Avec l'acquittement de Michael Flynn et les révélations sur la volonté manifeste du FBI de le piéger, les responsables démocrates qui ont demandé ce «démasquement» se retrouvent donc dans une position pour le moins inconfortable. Interrogé par le journaliste George Stephanopoulos le 12 mai sur sa connaissance de l'enquête visant Michael Flynn, Joe Biden a assuré qu'il ne savait rien de ces démarches. Le lendemain, son nom était pourtant révélé parmi les démasqueurs...

«Le "démasquement" est quelque chose de très important. [...] J'ai regardé Joe Biden dans "Good Morning America" [le nom de l'émission présentée par George Stephanopoulos], et il a dit qu'il ne savait rien à propos de rien. Et il a été révélé aujourd'hui qu'il était un des "démasqueurs". Comment ne pouvait-il être au courant de rien s'il était un des "démasqueurs" ?», s'est interrogé Donald Trump lors d'une conférence de presse à la Maison Blanche le 13 mai.

Espionnage d'un opposant politique ?

Entre les lignes, Donald Trump laisse entendre que l'administration Obama a espionné son équipe pour tenter de nuire à ce qu'il représentait, un adversaire politique : «C'est le plus grand crime politique de l'histoire de notre pays. Si j'étais démocrate et non républicain, je pense que tout le monde serait en prison depuis un bon moment.»

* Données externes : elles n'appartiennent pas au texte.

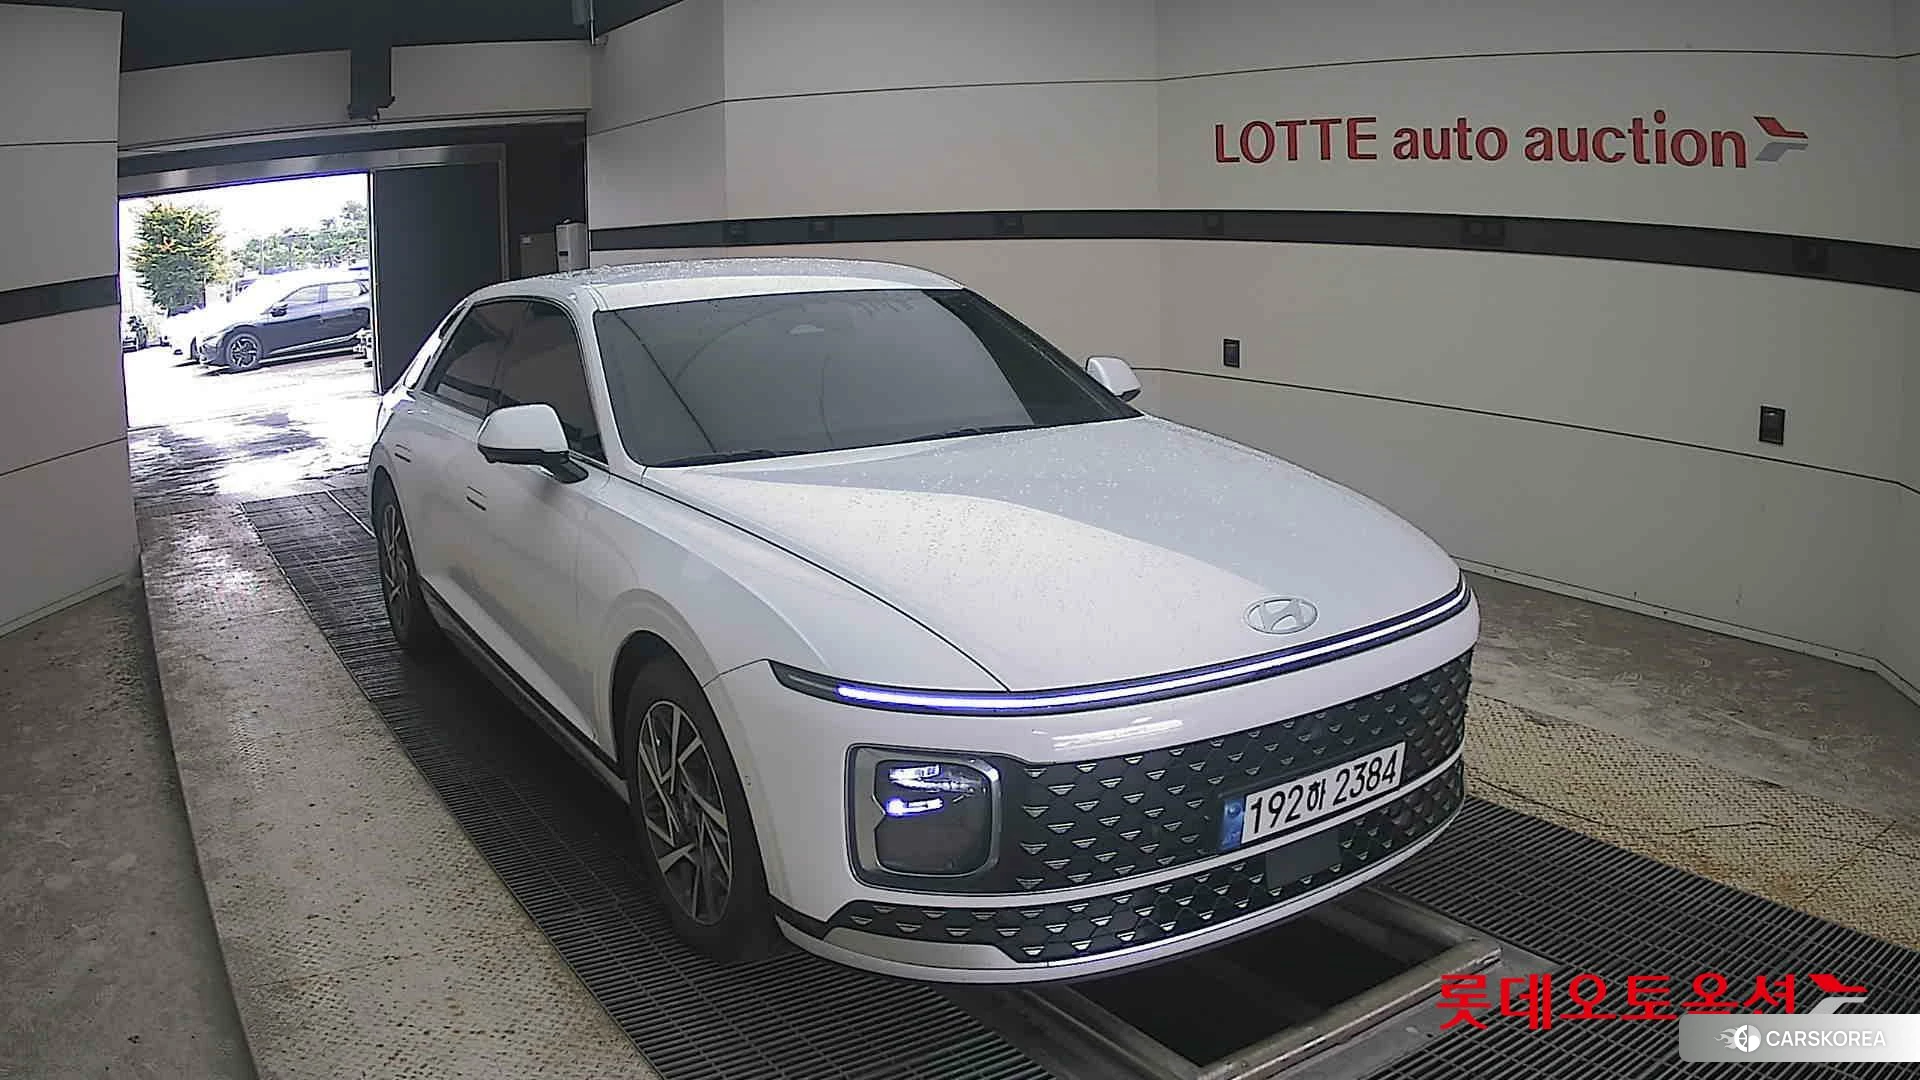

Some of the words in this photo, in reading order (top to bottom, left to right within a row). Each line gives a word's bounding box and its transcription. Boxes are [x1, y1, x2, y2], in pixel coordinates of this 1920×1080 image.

[1214, 116, 1377, 164] LOTTE
[1392, 117, 1508, 161] auto
[1523, 109, 1747, 168] auction
[1251, 778, 1326, 834] 192하
[1333, 749, 1398, 806] 2384

Durant le second mandat de Barack Obama, les agences de renseignement ont multiplié par trois leurs écoutes de citoyens américains, note à ce propos le journaliste John Solomon, qui souligne qu'il est alors «devenu plus tentant de chercher à écouter, après coup, des conversations interceptées d'adversaires politiques, c'est-à-dire en fait d'espionner les conversations réelles». «Ces peurs se sont réalisées mercredi [le 13 mai], lorsque les documents déclassifiés [...] ont montré que plus d'une douzaine de proches de Barack Obama ont cherché à "démasquer" plus de deux douzaines de conversations impliquant le futur conseiller à la sécurité nationale Michael Flynn. Et c'est arrivé dans les deux mois entre l'élection de Donald Trump et son investiture», explique-t-il.

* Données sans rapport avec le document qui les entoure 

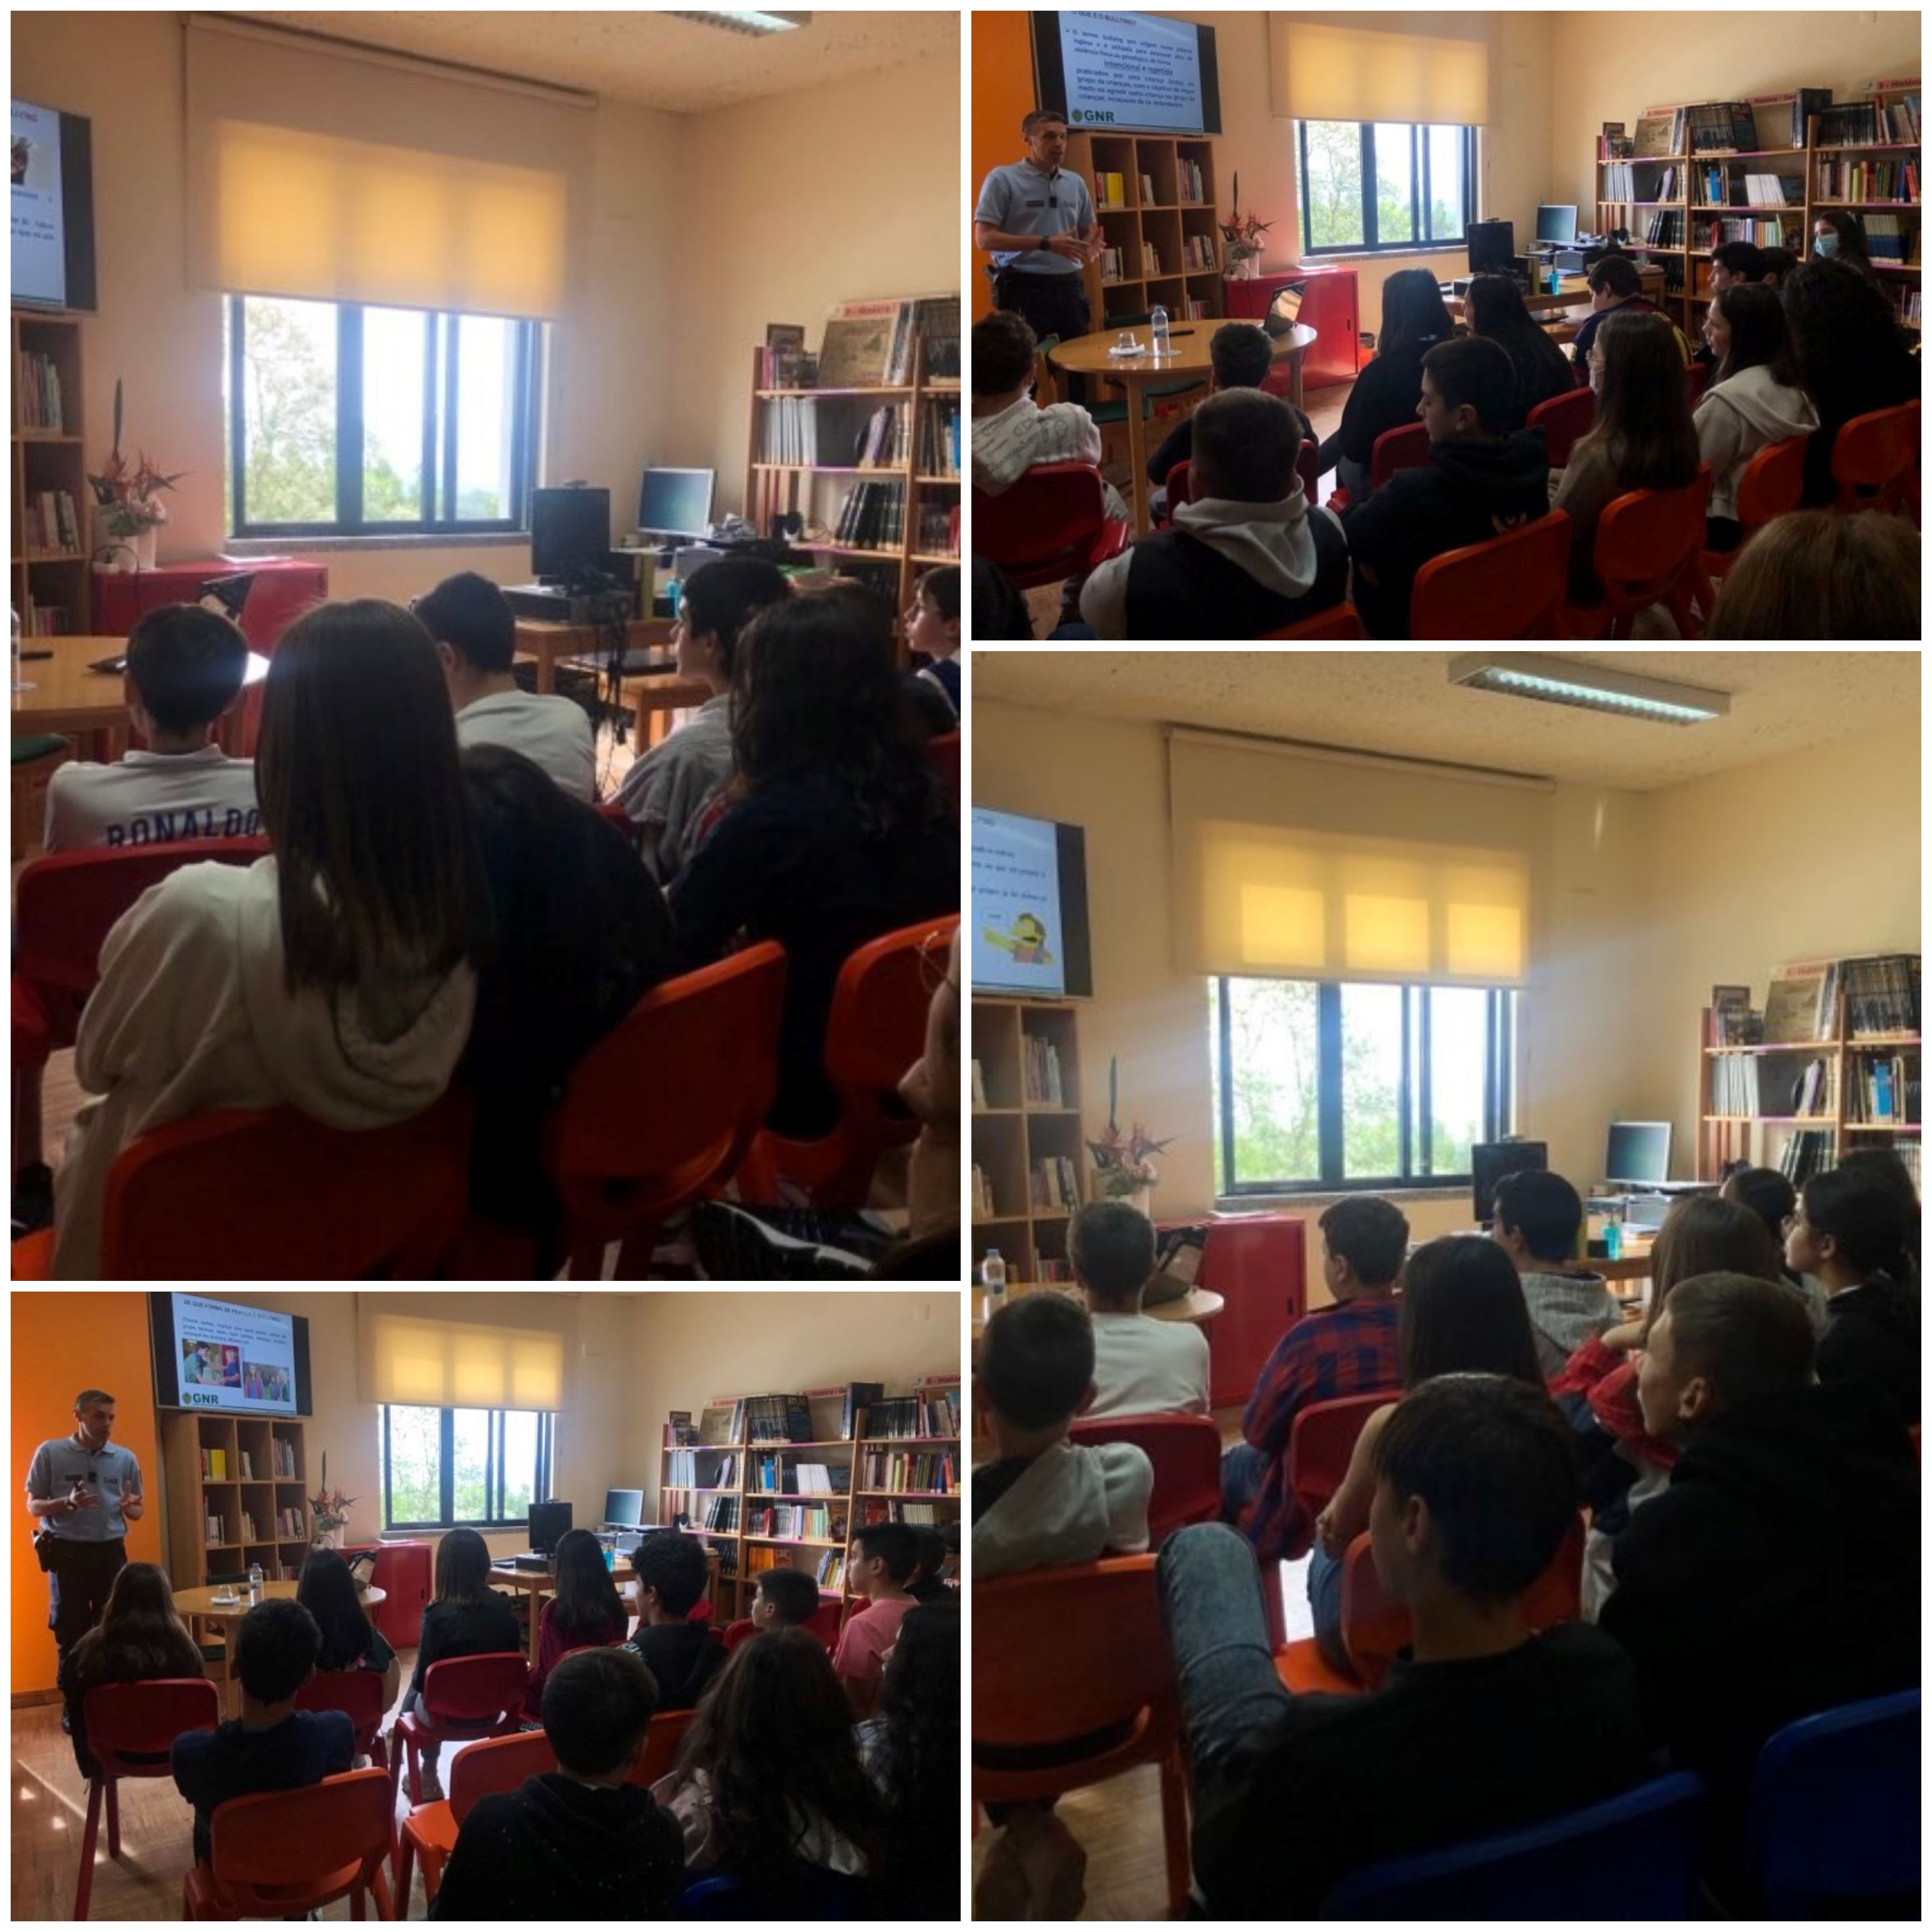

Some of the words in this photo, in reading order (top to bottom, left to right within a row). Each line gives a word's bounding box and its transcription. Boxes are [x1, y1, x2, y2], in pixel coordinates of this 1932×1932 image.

[1104, 58, 1140, 70] intencional
[1084, 109, 1115, 122] GNR
[107, 806, 260, 847] RONALDO
[193, 1393, 219, 1404] GNR

Reste à savoir dans quelle mesure un crime a été commis au regard de la loi. Pour l'heure, le seul élément qualifiable de crime de façon certaine est la divulgation de l'identité de Michael Flynn et de sa conversation avec Sergueï Kisliak à la presse. Pour le reste, le président du comité judiciaire du Sénat, Lindsey Graham, le président du comité des finances du Sénat, Charles Grassley, et le président du comité sénatorial de la sécurité intérieure et des affaires gouvernementales, Ron Johnson, ont promis d'ouvrir des enquêtes.

«A la lumière du "démasquage" du général Flynn par l'administration Obama, le travail du Congrès consistera à étudier ces demandes de "démasquage", pour s'assurer que le processus a été utilisé pour des préoccupations légitimes de sécurité nationale, pas pour des représailles ou de la curiosité politique», a fait savoir Lindsay Graham le 13 mai. «Je veux spécifiquement savoir combien de demandes de "démasquage" ont été faites, le cas échéant, au-delà du général Flynn, concernant des membres de l'équipe de campagne Trump, de sa famille ou de ses associés», a-t-il précisé. Avec donc pour but de déterminer si les responsables démocrates disposaient d'une raison valable pour requérir le «démasquage» de leurs opposants politiques.